## Exercise aim
Print each entry precisely; exclude the pictures.

======

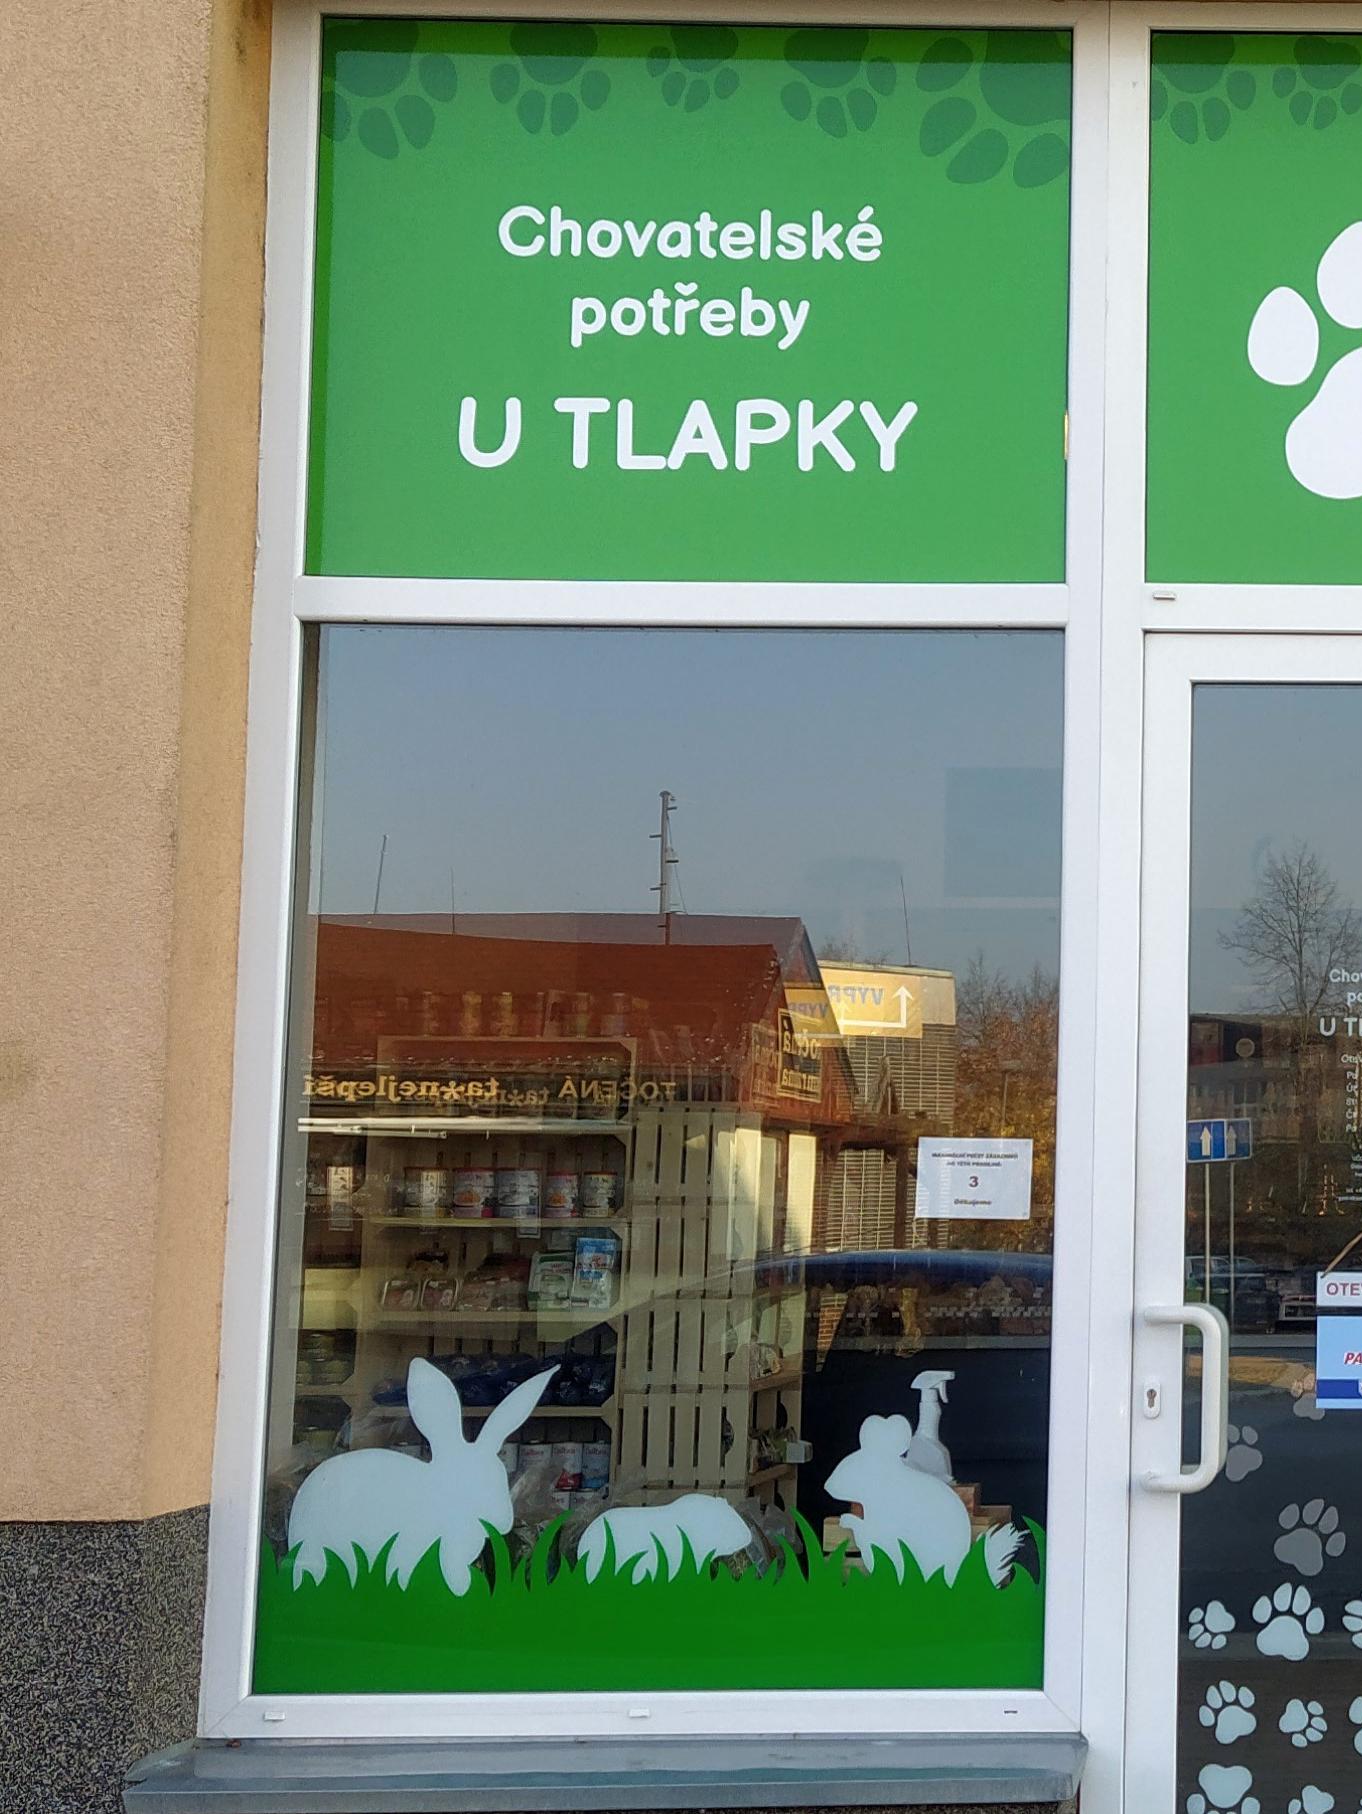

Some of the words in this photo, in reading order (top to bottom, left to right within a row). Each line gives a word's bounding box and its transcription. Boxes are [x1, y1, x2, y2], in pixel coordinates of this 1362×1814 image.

[498, 205, 883, 262] Chovatelské
[570, 282, 810, 350] potřeby
[458, 396, 522, 468] U
[553, 397, 918, 472] TLAPKY
[1320, 1017, 1336, 1036] U
[968, 1175, 979, 1188] 3
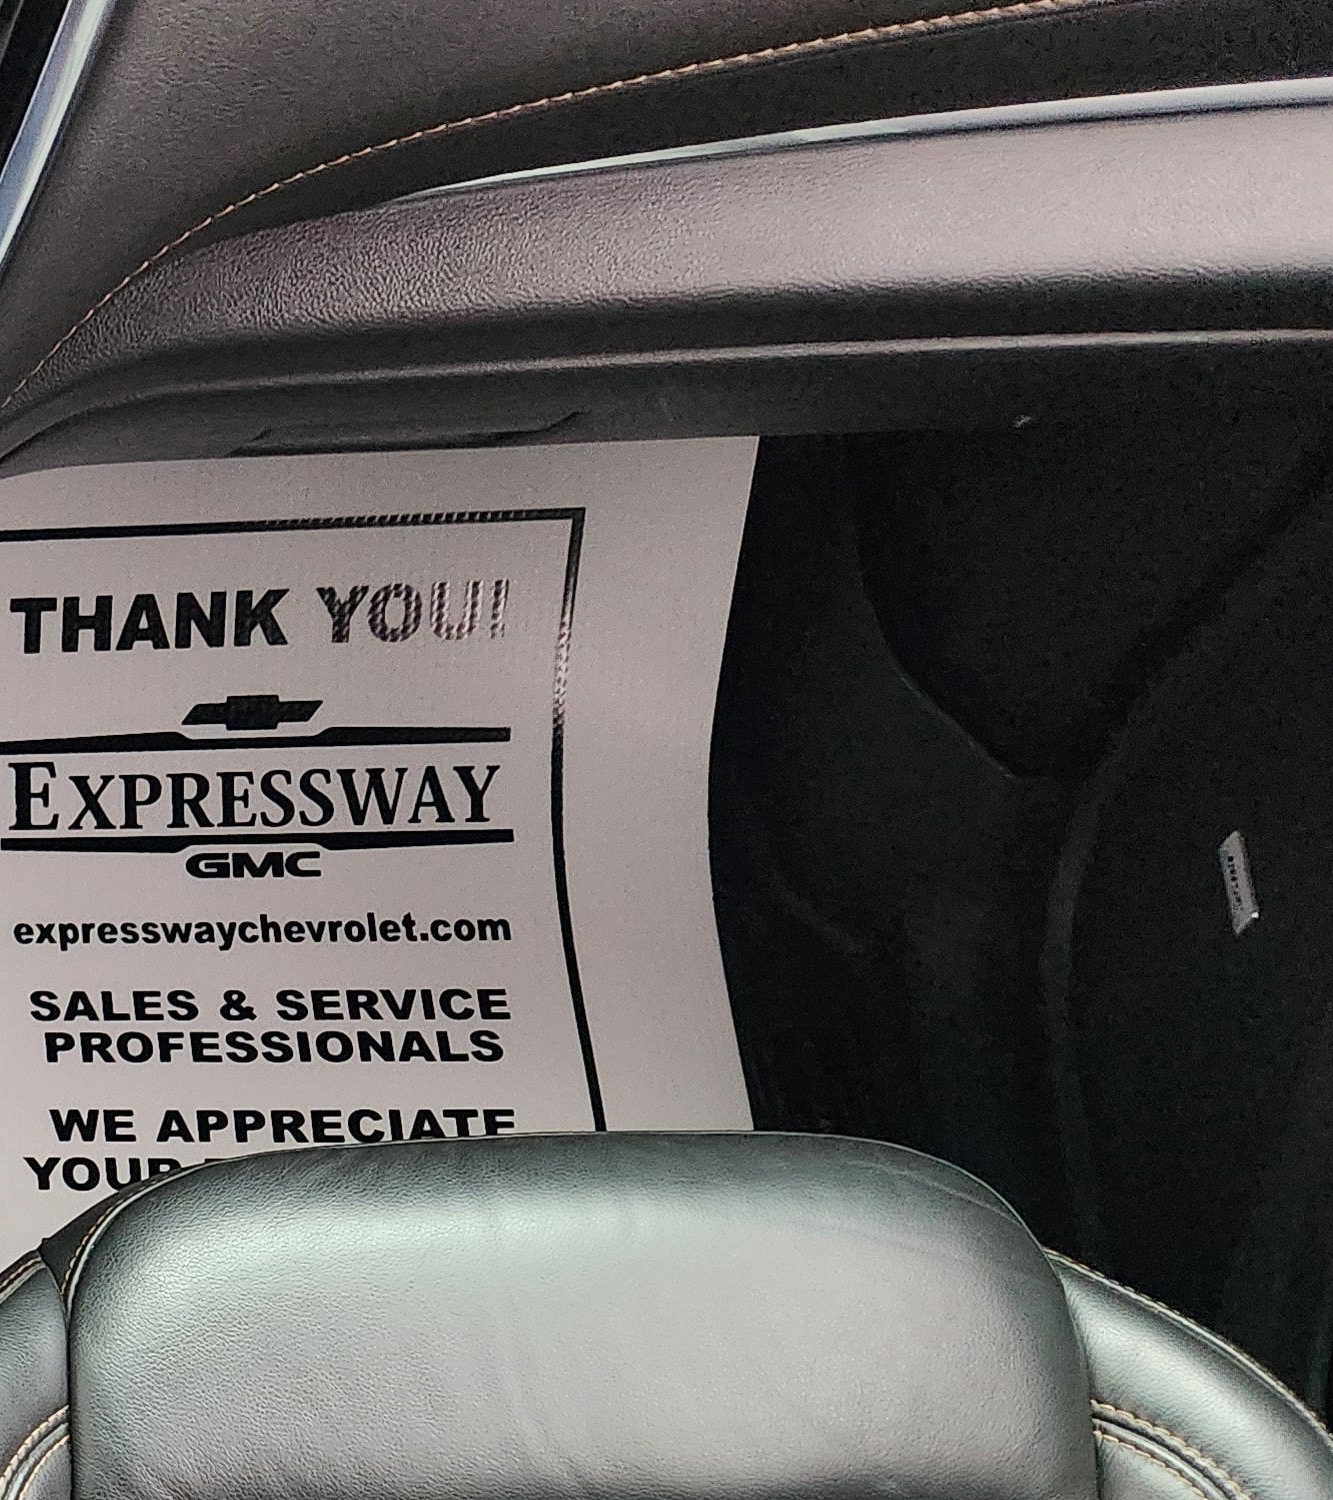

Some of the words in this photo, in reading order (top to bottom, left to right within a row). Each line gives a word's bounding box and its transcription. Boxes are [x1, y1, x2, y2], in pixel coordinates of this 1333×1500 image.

[10, 588, 291, 654] THANK
[316, 579, 510, 643] YOU!
[8, 762, 501, 831] EXPRESSWAY
[186, 851, 322, 878] GMC
[13, 912, 512, 951] expresswaychevrolet.com
[30, 990, 199, 1021] SALES
[220, 990, 257, 1021] &
[276, 988, 511, 1021] SERVICE
[45, 1030, 504, 1063] PROFESSIONALS
[49, 1109, 137, 1142] WE
[156, 1109, 515, 1142] APPRECIATE
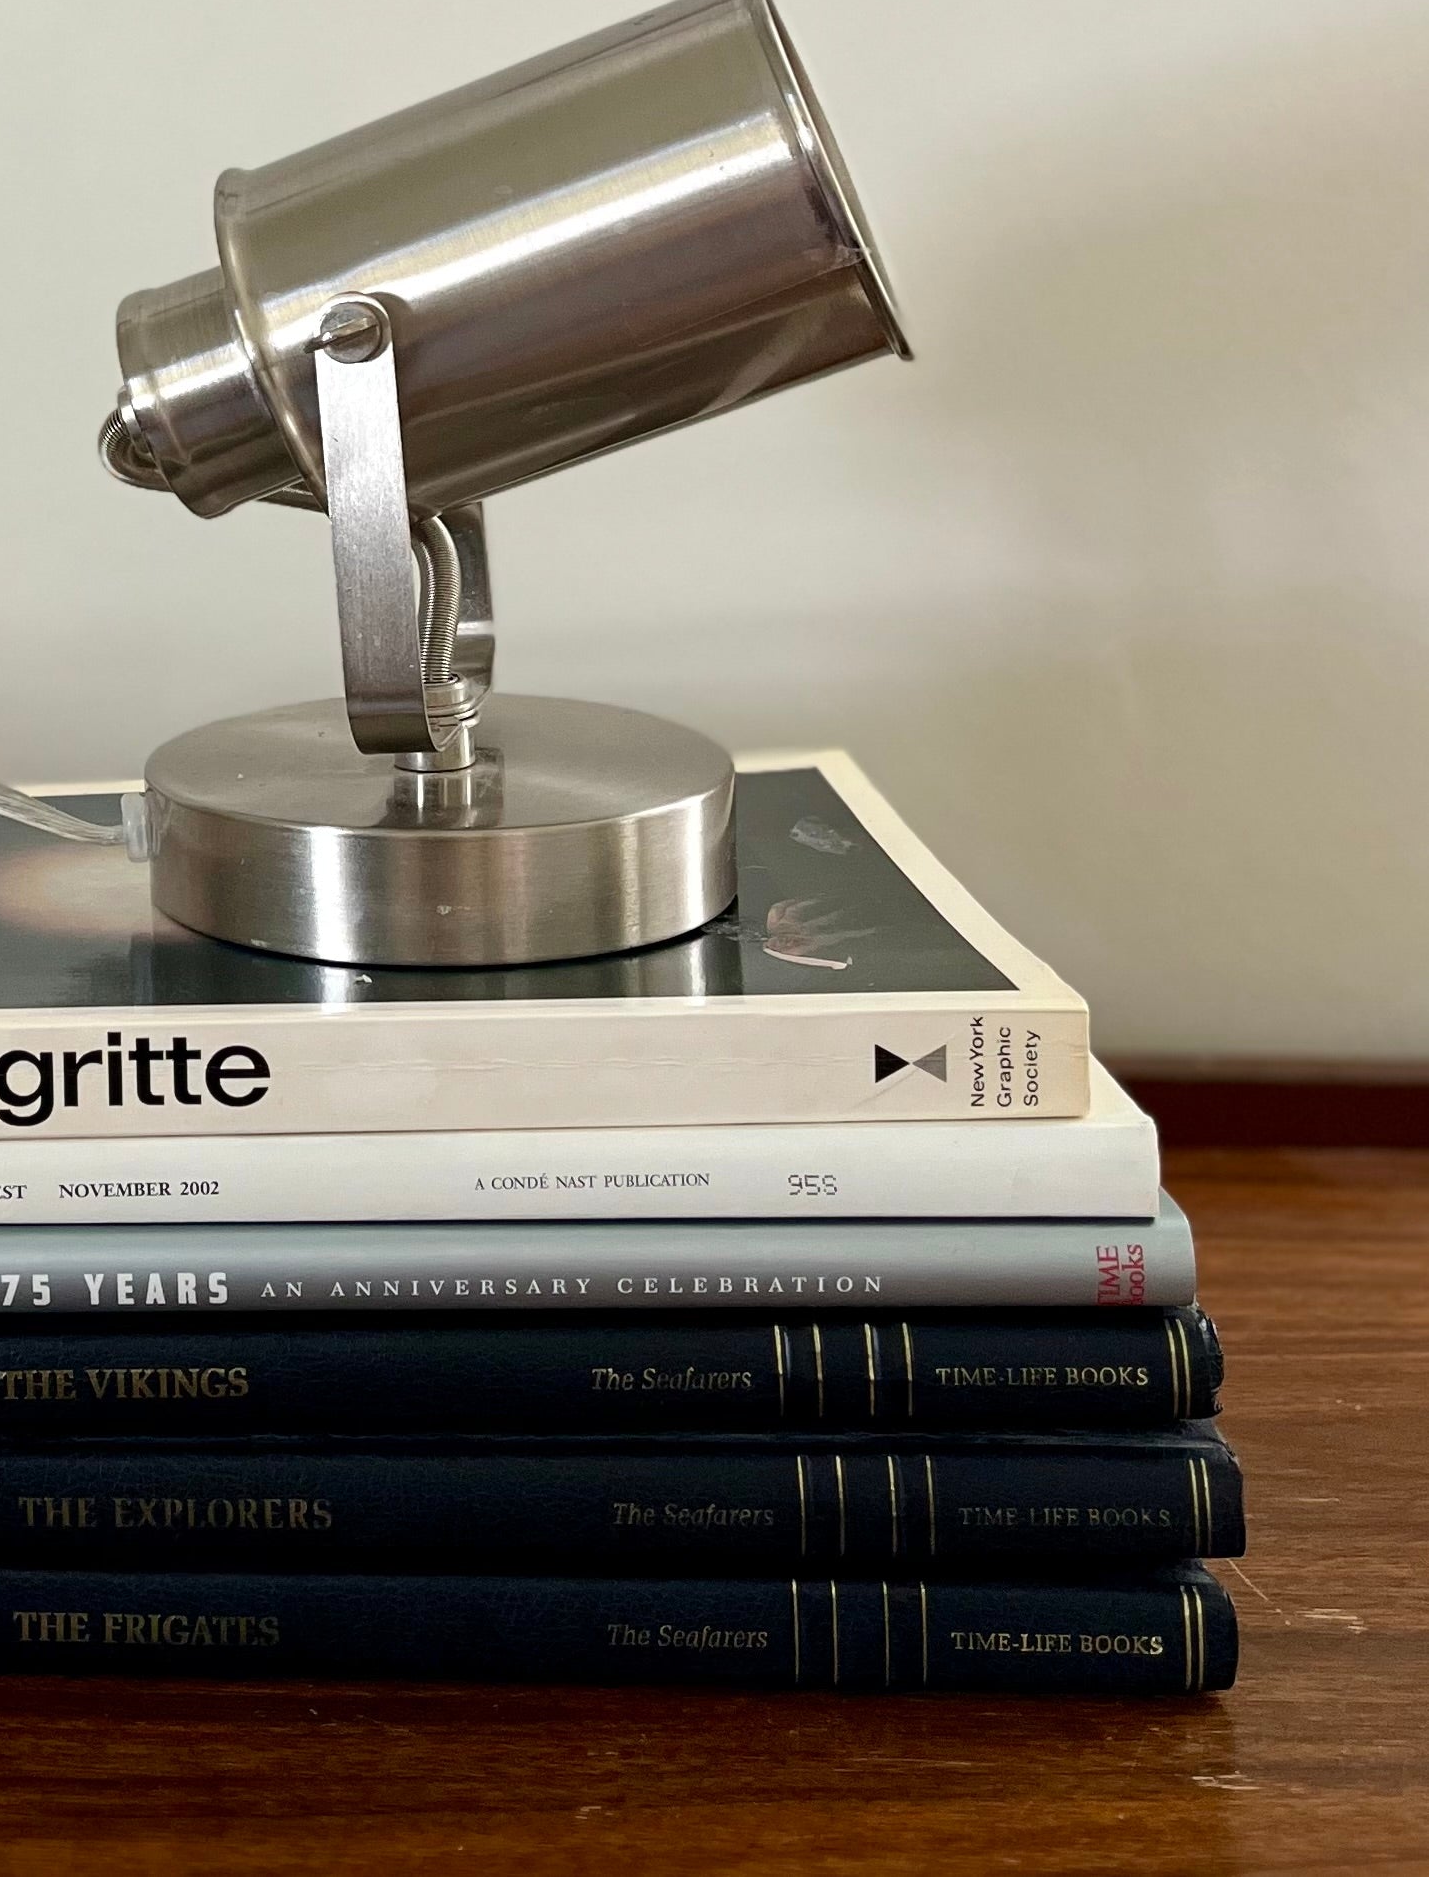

======

## Solution
Some of the words in this photo, in reading order (top to bottom, left to right within a row). Each line gives a word's bounding box and its transcription. Boxes are [x1, y1, x2, y2], in pixel coordinates of this 1362×1814 image.

[498, 205, 883, 262] Chovatelské
[570, 282, 810, 350] potřeby
[458, 396, 522, 468] U
[553, 397, 918, 472] TLAPKY
[1320, 1017, 1336, 1036] U
[968, 1175, 979, 1188] 3

Some of the words in this photo, in reading order (top to bottom, left to right within a row). Each line gives a word's bounding box and its transcription. Boxes are [x1, y1, x2, y2], in pixel coordinates of this 1333×1500 image.

[10, 588, 291, 654] THANK
[316, 579, 510, 643] YOU!
[8, 762, 501, 831] EXPRESSWAY
[186, 851, 322, 878] GMC
[13, 912, 512, 951] expresswaychevrolet.com
[30, 990, 199, 1021] SALES
[220, 990, 257, 1021] &
[276, 988, 511, 1021] SERVICE
[45, 1030, 504, 1063] PROFESSIONALS
[49, 1109, 137, 1142] WE
[156, 1109, 515, 1142] APPRECIATE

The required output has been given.